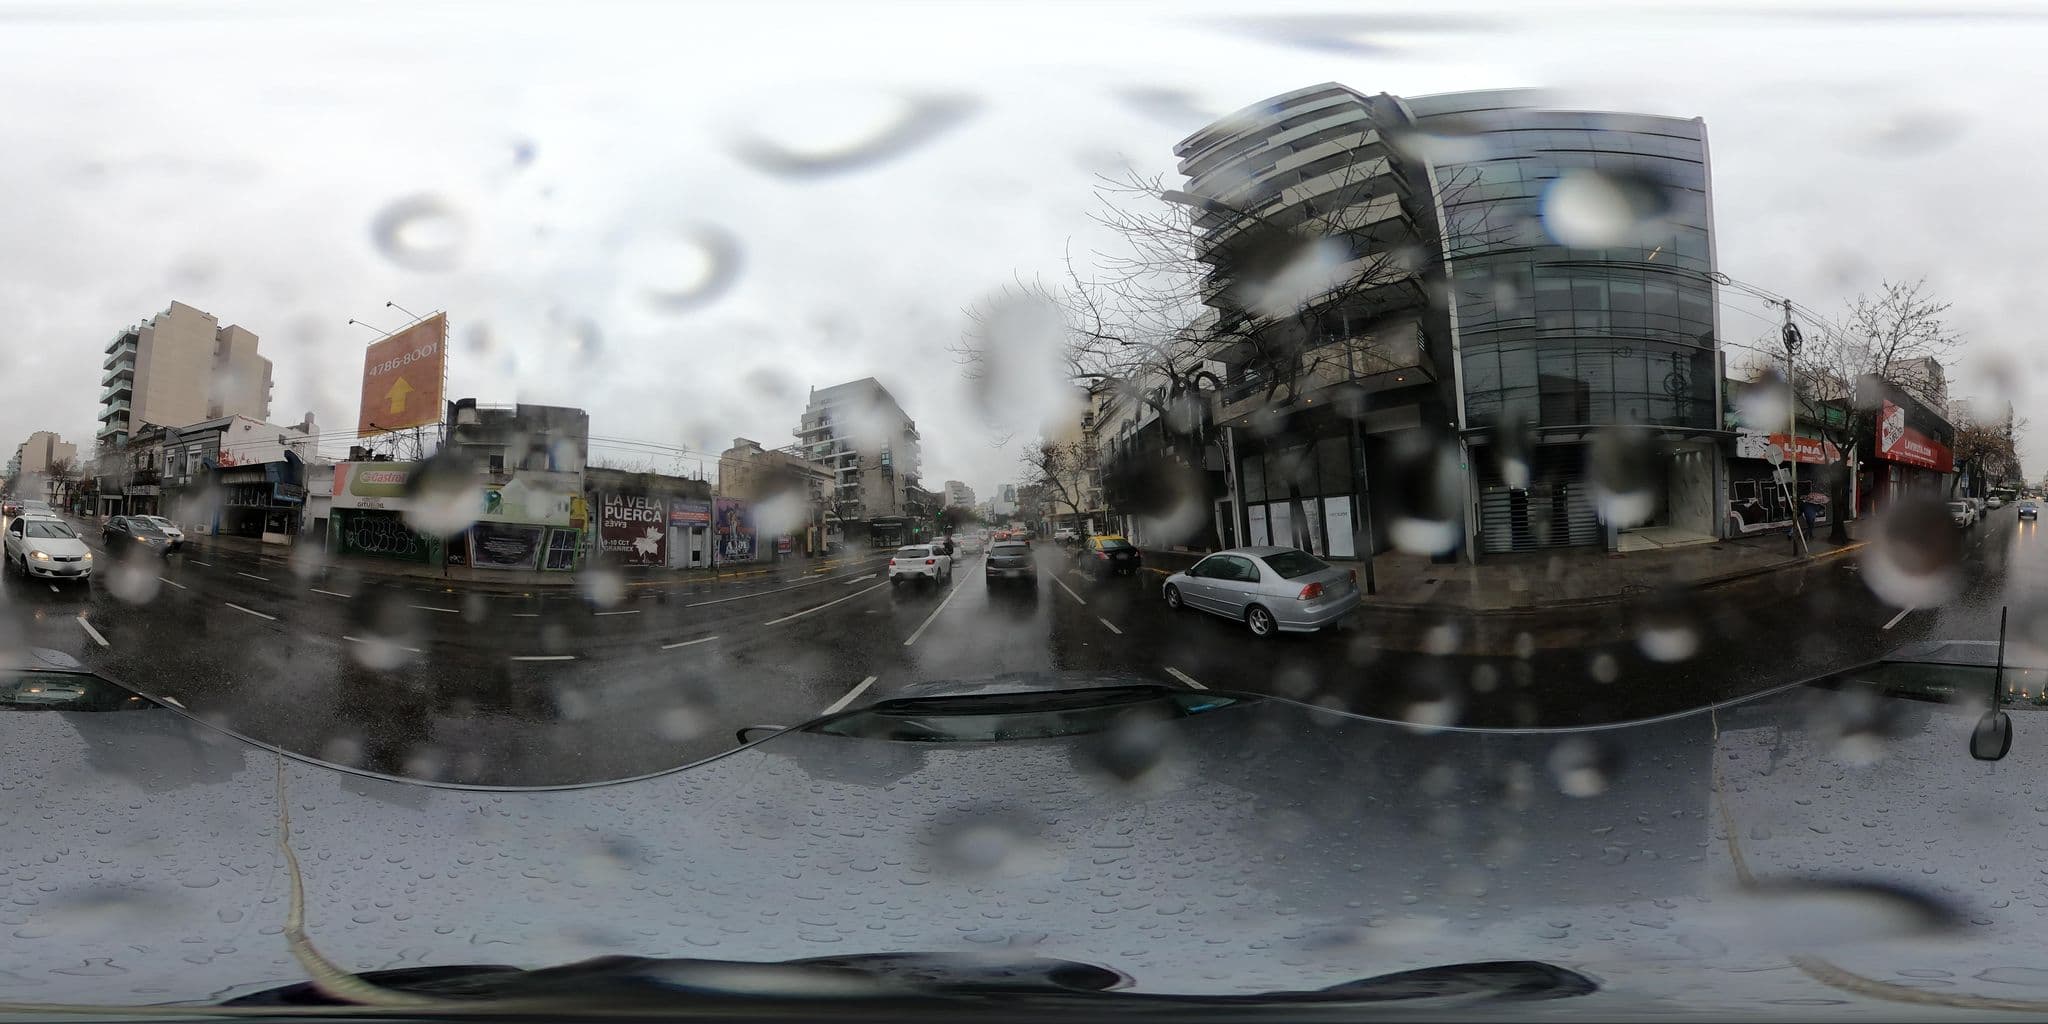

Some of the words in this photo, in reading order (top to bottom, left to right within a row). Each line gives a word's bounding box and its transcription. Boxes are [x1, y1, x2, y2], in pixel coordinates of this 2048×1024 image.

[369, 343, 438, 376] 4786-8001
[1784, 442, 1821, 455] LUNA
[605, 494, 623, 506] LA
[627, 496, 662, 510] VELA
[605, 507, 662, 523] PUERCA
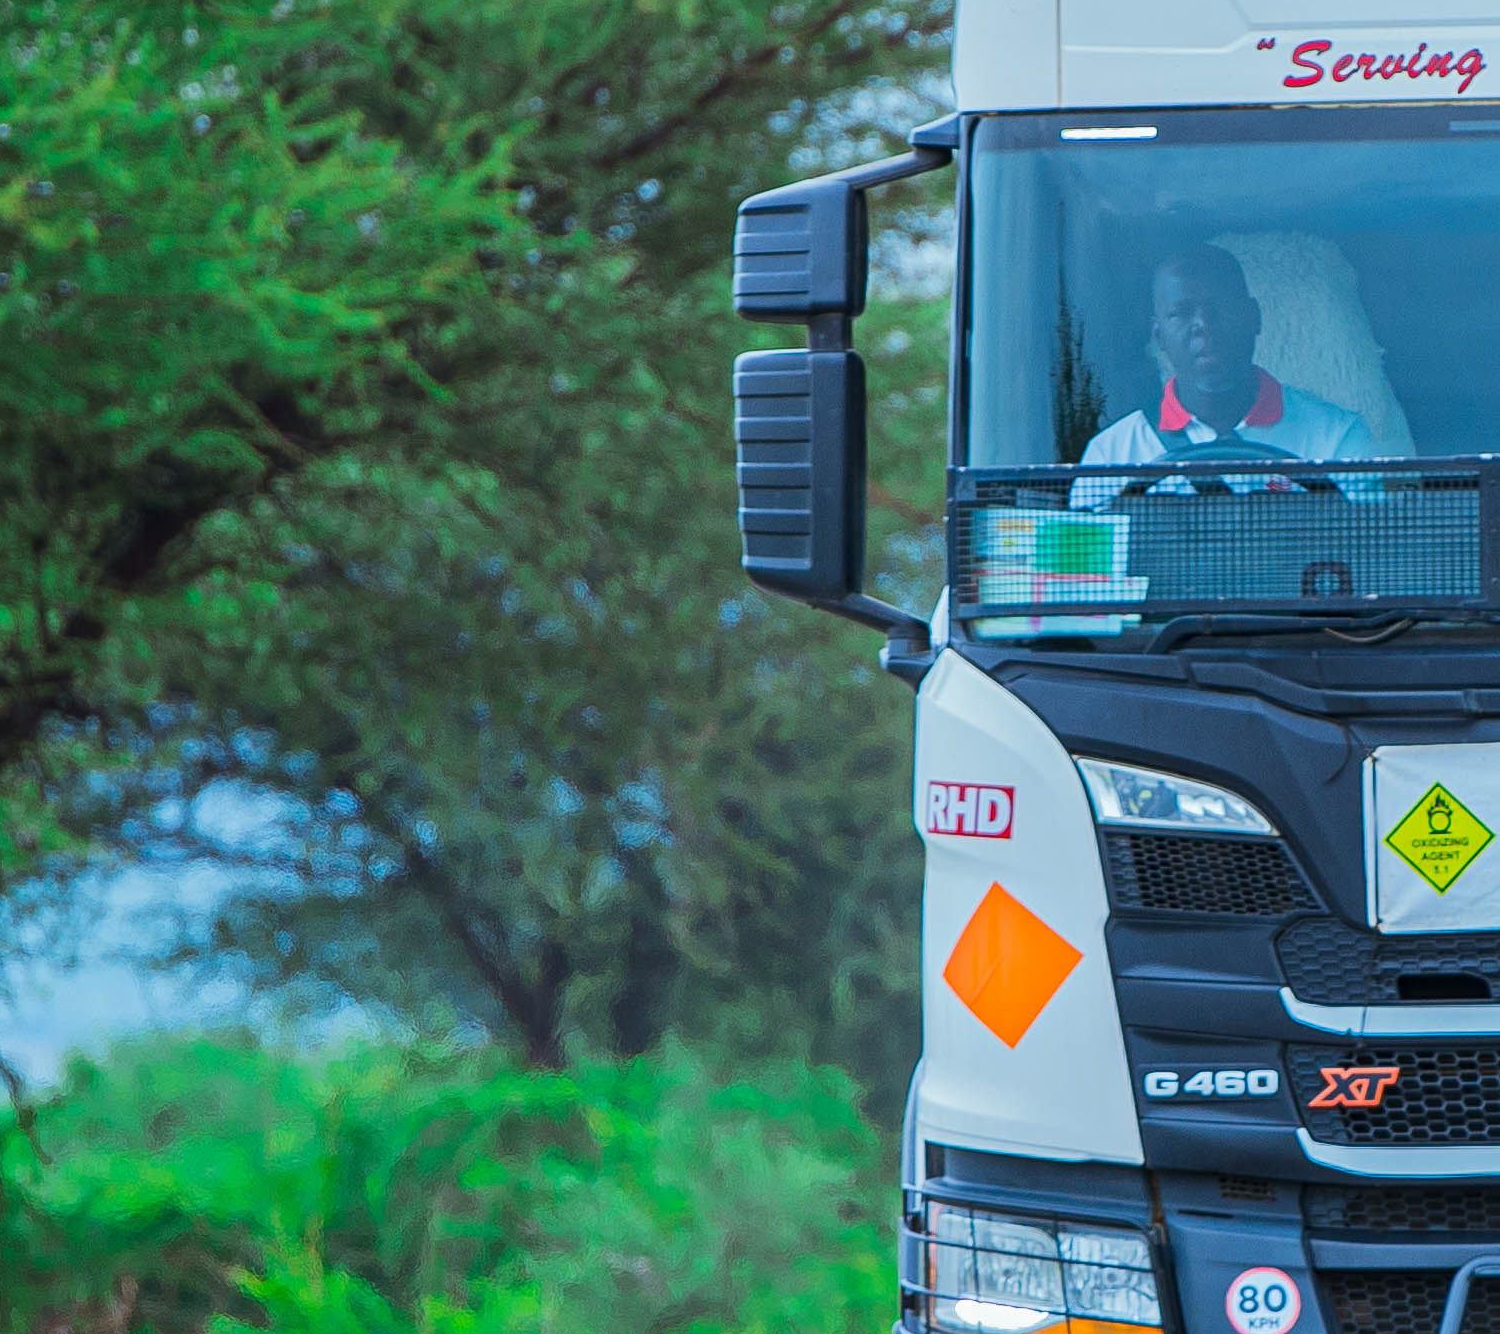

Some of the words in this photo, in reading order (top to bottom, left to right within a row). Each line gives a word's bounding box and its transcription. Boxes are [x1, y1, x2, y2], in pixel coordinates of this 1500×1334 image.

_ _ _ _

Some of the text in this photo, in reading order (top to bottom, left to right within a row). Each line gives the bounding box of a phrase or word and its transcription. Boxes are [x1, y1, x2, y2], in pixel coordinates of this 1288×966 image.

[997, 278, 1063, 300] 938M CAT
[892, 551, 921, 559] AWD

_ _ _ _

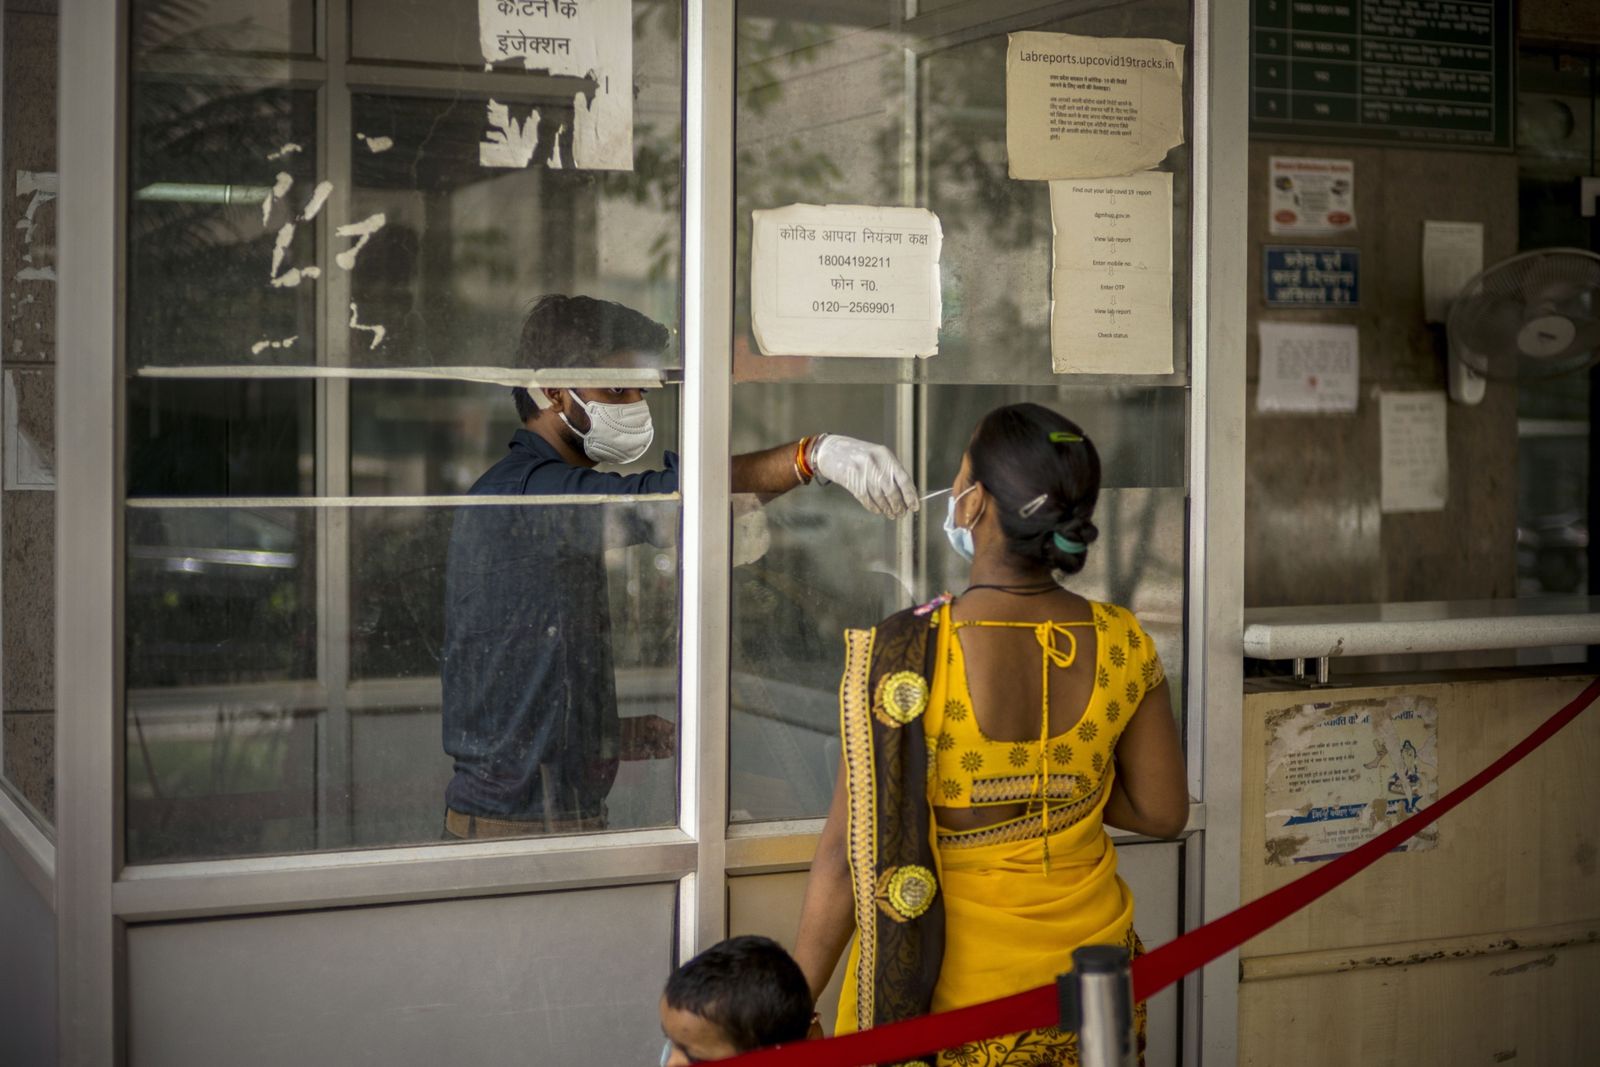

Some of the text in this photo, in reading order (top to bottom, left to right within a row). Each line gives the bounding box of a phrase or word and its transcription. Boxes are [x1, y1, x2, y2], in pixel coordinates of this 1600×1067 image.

_ _ _ _

> **Work order**:
Within the listing above, find the line containing "this 2048×1024 image." and the line containing "this 1500×1334 image.". Transcribe them and everything between them exactly, leaving out the pictures.

> **Reply to the exercise**:
Some of the words in this photo, in reading order (top to bottom, left to right within a row). Each line gives a word's bounding box and its transcription. Boxes are [x1, y1, x2, y2], in pixel coordinates of this 2048×1024 image.

[369, 343, 438, 376] 4786-8001
[1784, 442, 1821, 455] LUNA
[605, 494, 623, 506] LA
[627, 496, 662, 510] VELA
[605, 507, 662, 523] PUERCA

Some of the words in this photo, in reading order (top to bottom, left to right within a row). Each line gives a word's bounding box and its transcription. Boxes are [x1, y1, x2, y2], in pixel coordinates of this 1500×1334 image.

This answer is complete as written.